Installation view. Images by Adam Reich.

Contributed by Peter Malone / If I were inclined to embrace the humor in Meredith Rosen Gallerys anatomically titled group show, “Toes, Knees, Shoulders, Heads + Butts & Guts,” I would call it an impressive feat. But I prefer to call it both ambitious and largely successful in overcoming its own distracting arrangement. Bringing 23 substantial artists into a semi-raw space with a counterintuitive Upper East Side address needed no embellishment beyond its David and Goliath subtext. Combining the roles of curator and participating artist, Zak Kitnick, in collaboration with gallery director Meredith Rosen, swept an engaging mix of genres into a pair of compact exhibition rooms but unfortunately chose to match their choices to an installation plan emphasizing each pieces distance from the floor relevant to the human body.
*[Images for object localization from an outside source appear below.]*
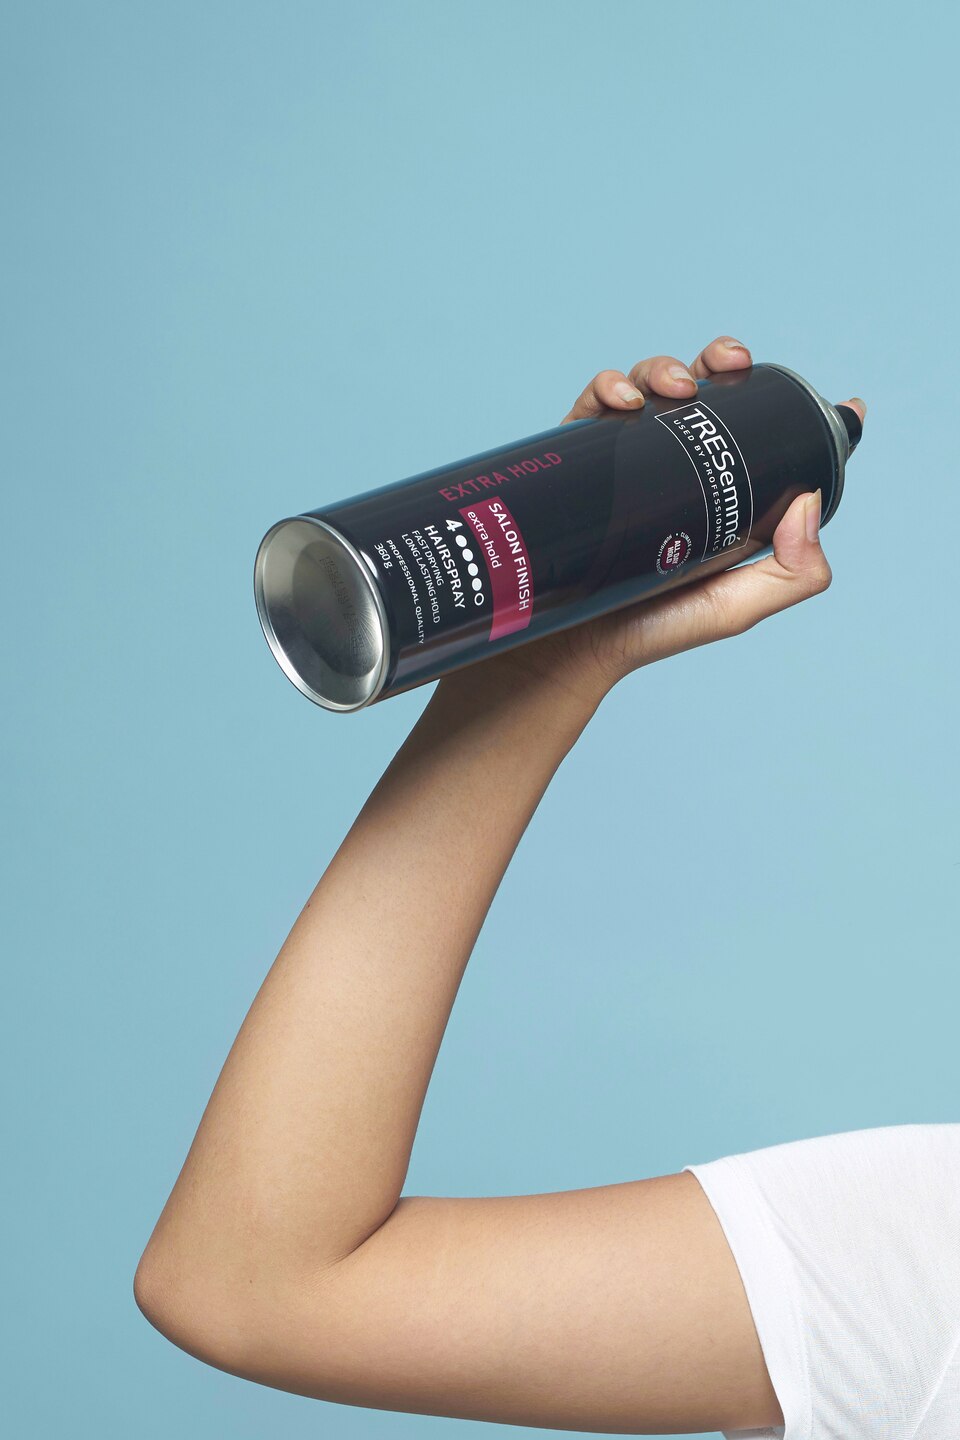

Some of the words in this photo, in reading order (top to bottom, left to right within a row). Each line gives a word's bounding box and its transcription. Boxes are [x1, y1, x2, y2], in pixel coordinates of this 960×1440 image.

[438, 471, 510, 501] EXTRA
[507, 452, 562, 478] HOLD
[673, 419, 695, 441] USED
[694, 444, 705, 457] BY
[702, 461, 722, 552] PROFESSIONALS
[682, 407, 741, 547] TRESemmé
[373, 542, 391, 561] 360
[383, 561, 393, 569] g
[411, 530, 430, 550] FAST
[424, 550, 445, 586] DRYING
[424, 524, 466, 609] HAIRSPRAY
[445, 519, 464, 532] 4
[467, 511, 489, 541] extra
[484, 540, 502, 569] hold
[488, 502, 523, 555] SALON
[514, 556, 531, 612] FINISH
[386, 539, 420, 605] PROFESSIONAL
[415, 605, 425, 644] QUALITY
[401, 533, 421, 557] LONG
[416, 557, 437, 597] LASTING
[430, 597, 441, 624] HOLD
Though amusing and underlined by an assurance that each artist approved the idea, it added nothing to a visitors experience of the work, and in some instances trivialized it.

Installation view
Installation view
Installation view
Installation view
Installation view
Installation view
Installation view
Installation view

A few placements were no-brainers. Carl Andres Limestone Monocel (2009) sat on the floor. Anna Sophie-Bergers mud coat 1 (2016) was executed by proxy at the height of its proscribed gesture. Polly Apfelbaums Beads for April 15th Anniversary (2021) were pinned at ceiling height to focus the eye on its ceramic ballast, and Jorge Pardos Untitled (2013) ceiling lamps hung where one would expect to see them. The most literal was Hugh Haydens wall mounted Self Portrait of the Artist (2018) resembling a tree that protruded from the wall just above my head. And Kitnicks own Season 6000 (2020-21) metal backgammon board favored the space at the height of its own four legs. Other pieces were subjected to harmless tweaks, like Harry Moritzs, The Red Light Inside Me (2020), a refrigerator door installed at gut level, where refrigerators tend to reside in ones pre-lunch imagination.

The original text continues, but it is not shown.